Just when you think there couldn’t possibly be another kitchen gadget you need, something else funky and fun comes along. This gadget isn’t new to the world of course, just to me. Well, relatively new. It’s been sitting in my pantry for 3 months waiting to be used. I think I felt like it was going to be more complicated and messy than it really is, so I kept putting it off for a day I felt like dealing with complicated and messy…which is never. I’m glad I finally decided to take another look and take it off the shelf over the weekend, because it’s not complicated and messy at all and now I’ve got all kinds of ideas dancing through my head.
Once I decided to seriously do a grain free trial, I noticed lots and lots of the Paleo bloggers were eating zucchini and other vegetable noodles in place of grain noodles. My thought was….they look good and I like vegetables…but how can these people think that a vegetable “tastes just like the real thing” or they would, “rather have these than pasta any day!”
That’s just crazy talk, because I’ve been down the spaghetti squash “noodle” road and no one is capable of convincing me that stringy stuff is an acceptable replacement for pasta.
There are very few food things in this world that I would rather have more than a plate full of pasta siting in front of me. But, because of the grain free trial thing, I have to be flexible if I don’t want to lead a sad, noodle free life.

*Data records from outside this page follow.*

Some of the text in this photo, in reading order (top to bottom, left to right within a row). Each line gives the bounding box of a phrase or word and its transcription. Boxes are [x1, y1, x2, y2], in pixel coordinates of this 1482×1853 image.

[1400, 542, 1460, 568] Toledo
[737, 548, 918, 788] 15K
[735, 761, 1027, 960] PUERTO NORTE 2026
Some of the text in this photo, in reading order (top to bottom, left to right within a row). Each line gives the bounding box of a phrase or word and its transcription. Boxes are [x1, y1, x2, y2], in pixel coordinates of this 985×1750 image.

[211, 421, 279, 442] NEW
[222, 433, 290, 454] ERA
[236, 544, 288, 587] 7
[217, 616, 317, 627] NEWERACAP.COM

So while zucchini noodles are not a plate full of soul soothing pasta, I have to admit, they are pretty darn good. I was impressed. And strangely enough, they do actually make a really decent replacement “noodle”. They’re also fun to make.

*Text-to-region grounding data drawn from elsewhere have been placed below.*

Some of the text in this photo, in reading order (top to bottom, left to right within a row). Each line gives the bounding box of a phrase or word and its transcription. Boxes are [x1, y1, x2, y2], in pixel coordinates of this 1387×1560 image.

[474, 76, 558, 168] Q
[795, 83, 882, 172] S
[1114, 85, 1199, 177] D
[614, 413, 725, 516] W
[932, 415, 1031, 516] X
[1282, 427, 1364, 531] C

Last weekend Tony was on his annual guys ski trip in Deer Valley so I had four days to do whatever I felt like and to fiddle fart around the house and kitchen. These noodles, the Ginger Garlic Green Beans with Orange Zest, and the Sweet & Spicy Chicken Legs were what I made for Super Bowl Sunday snacks. I love the combination of sweet and spicy together, and because Tony wasn’t here, I could grate ginger into the food to my heart’s content and use cilantro and sweet chili sauce with reckless abandon, which he doesn’t really like. The “noodles” made it fun and I always think it’s exciting to try something new. Luckily the food was delicious because it ended up being the highlight of a very upsetting football game.
Here’s a couple of things you need to remember when using zucchini for noodles:
1. You can purchase a Spiralizer on Amazon. They are inexpensive and don’t take up much room. Easy to use, simple to clean.
2. Zucchini cooks down. I used two medium/small zucchinis which cooked down to about maybe two medium sized servings. If you have a large family and you’re using it as a main dish, you’re going to need a lot of zucchini.
3. Do not over cook it. I repeat, DO NOT over cook it. A quick saute (5-6 minutes tops) is all it needs. You want it to be slightly aldente, or you’ll end up with mush.
4. You can peel or not peel, it’s up to you. Some people say that peeled tastes even more like pasta. If it’s peeled, it will cook faster, so keep an eye on it.
And that’s it! SO EASY. And fun.
Hot & Spicy Zucchini “Noodles”
2 Medium Zucchini
About 1/2 Cup Orange Bell Pepper, diced
3 Cloves of Garlic, peeled and minced
1/2 teaspoon of Crushed Red Pepper
2 Green Onions, sliced
1 1/2 Tablespoon of Cilantro, roughly chopped
About 1 Tablespoon of Olive Oil
1/2 teaspoon of Sesame Oil
2 Tablespoons of Coconut Aminos (gluten free soy sauce replacement)
1 Tablespoon of Sweet Chili Sauce
Saute the bell pepper with the olive oil, sesame oil, garlic, and crushed red pepper just until the bell pepper is aldente. Add the zucchini “noodles”, coconut aminos, and sweet chili sauce and toss until zucchini has softened. Not too soft! Add the green onion and cilantro, a pinch of sea salt, and toss to combine.